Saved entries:
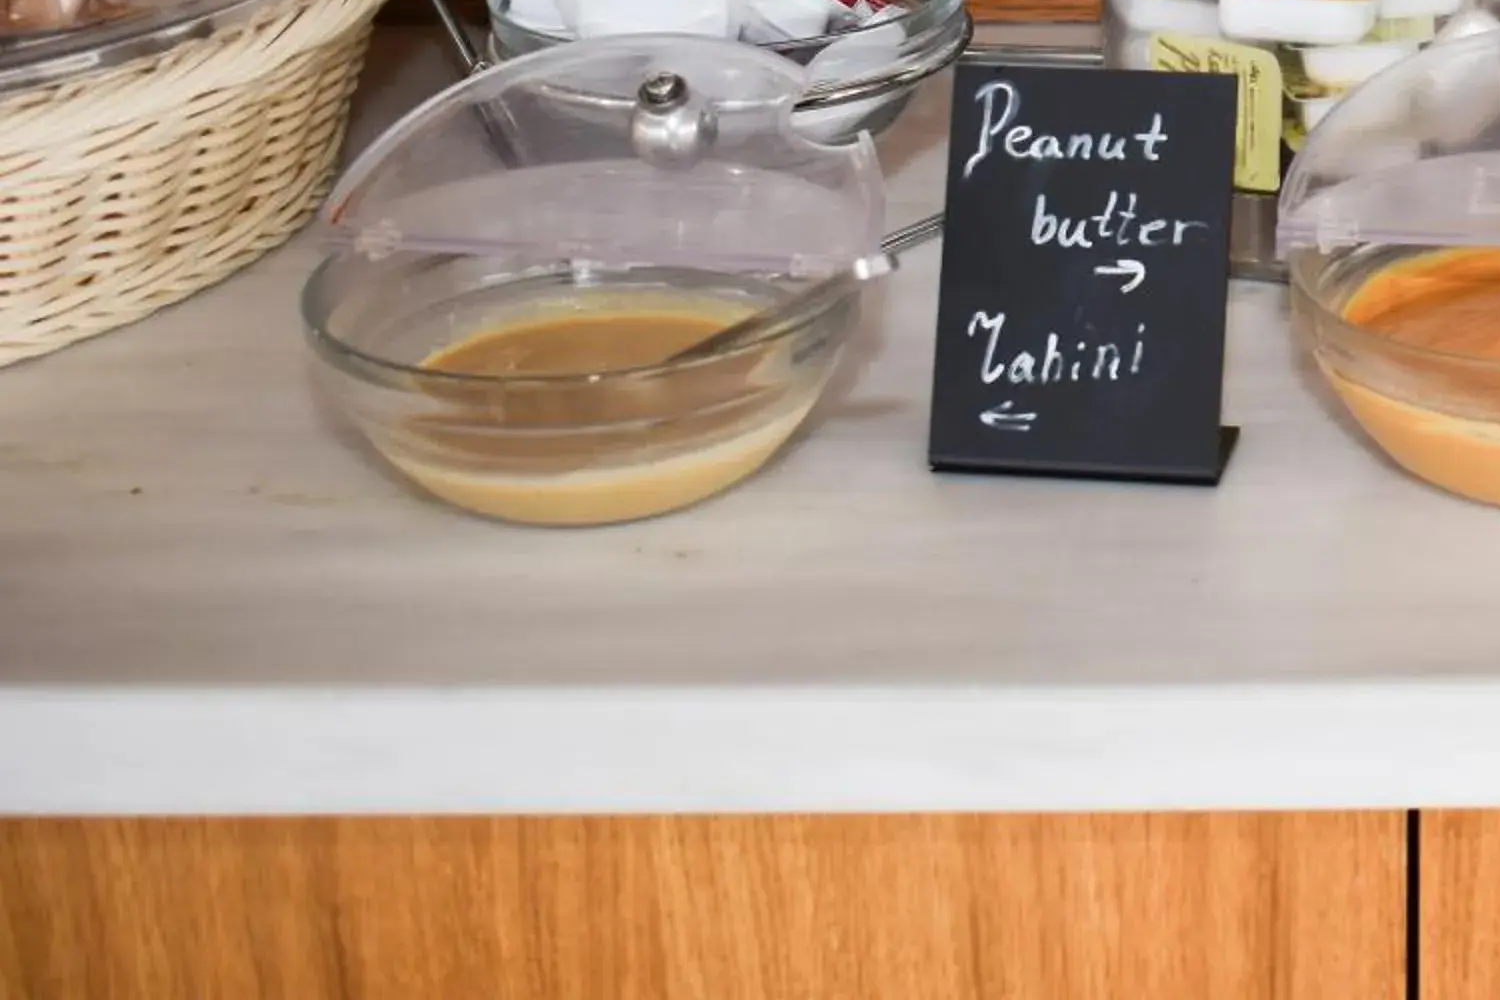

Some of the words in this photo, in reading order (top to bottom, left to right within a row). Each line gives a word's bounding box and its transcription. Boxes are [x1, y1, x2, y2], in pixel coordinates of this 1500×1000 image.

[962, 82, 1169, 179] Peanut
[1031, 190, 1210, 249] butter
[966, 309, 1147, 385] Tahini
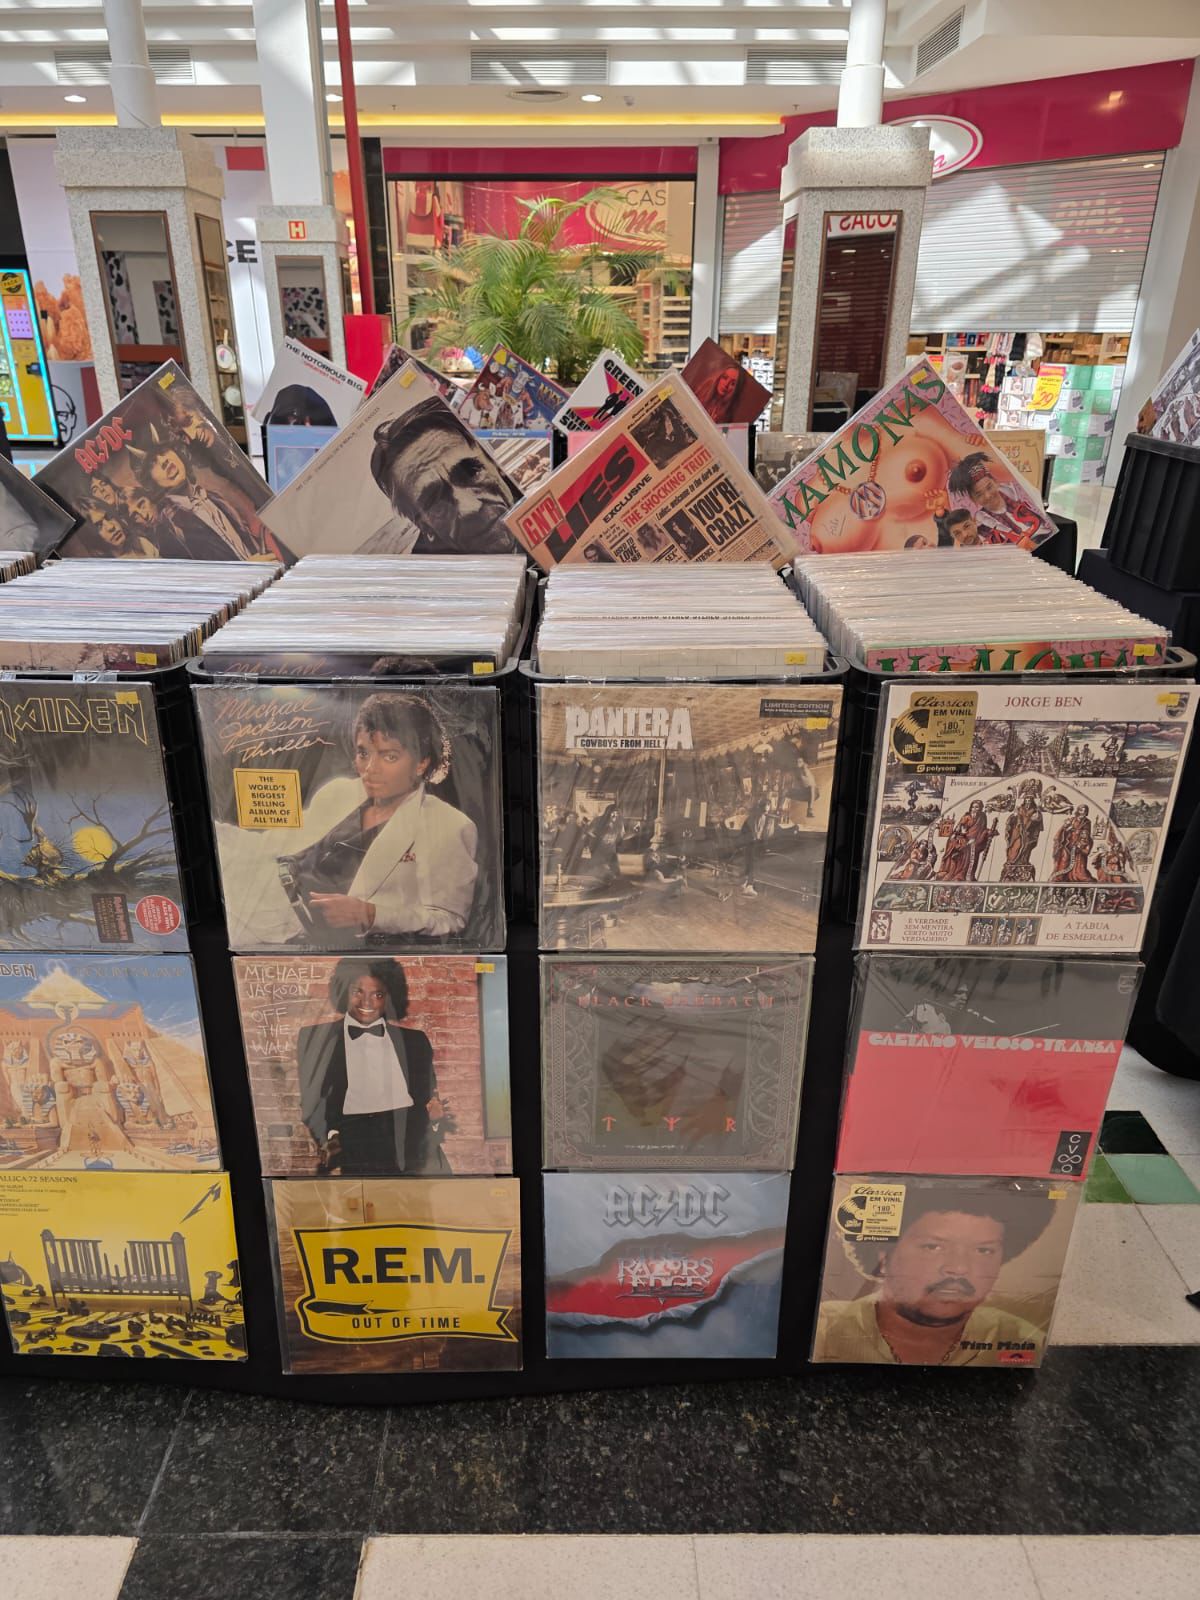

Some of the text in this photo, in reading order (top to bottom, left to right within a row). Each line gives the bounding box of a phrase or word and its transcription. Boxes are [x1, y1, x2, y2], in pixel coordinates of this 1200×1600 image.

### [What is being asked]
All of the data needs repeating exactly, but the pictures do not.

### [Written answer]
Some of the words in this photo, in reading order (top to bottom, left to right within a row). Each line gives a word's bounding box and its transcription. Boxes are [x1, y1, x2, y2], in pixel coordinates of this 1500×1000 image.

[962, 82, 1169, 179] Peanut
[1031, 190, 1210, 249] butter
[966, 309, 1147, 385] Tahini

Some of the text in this photo, in reading order (top to bottom, left to right within a row). Each line gives the bounding box of a phrase or word and its transcription. Boxes are [x1, y1, x2, y2], in pixel coordinates of this 1200×1600 image.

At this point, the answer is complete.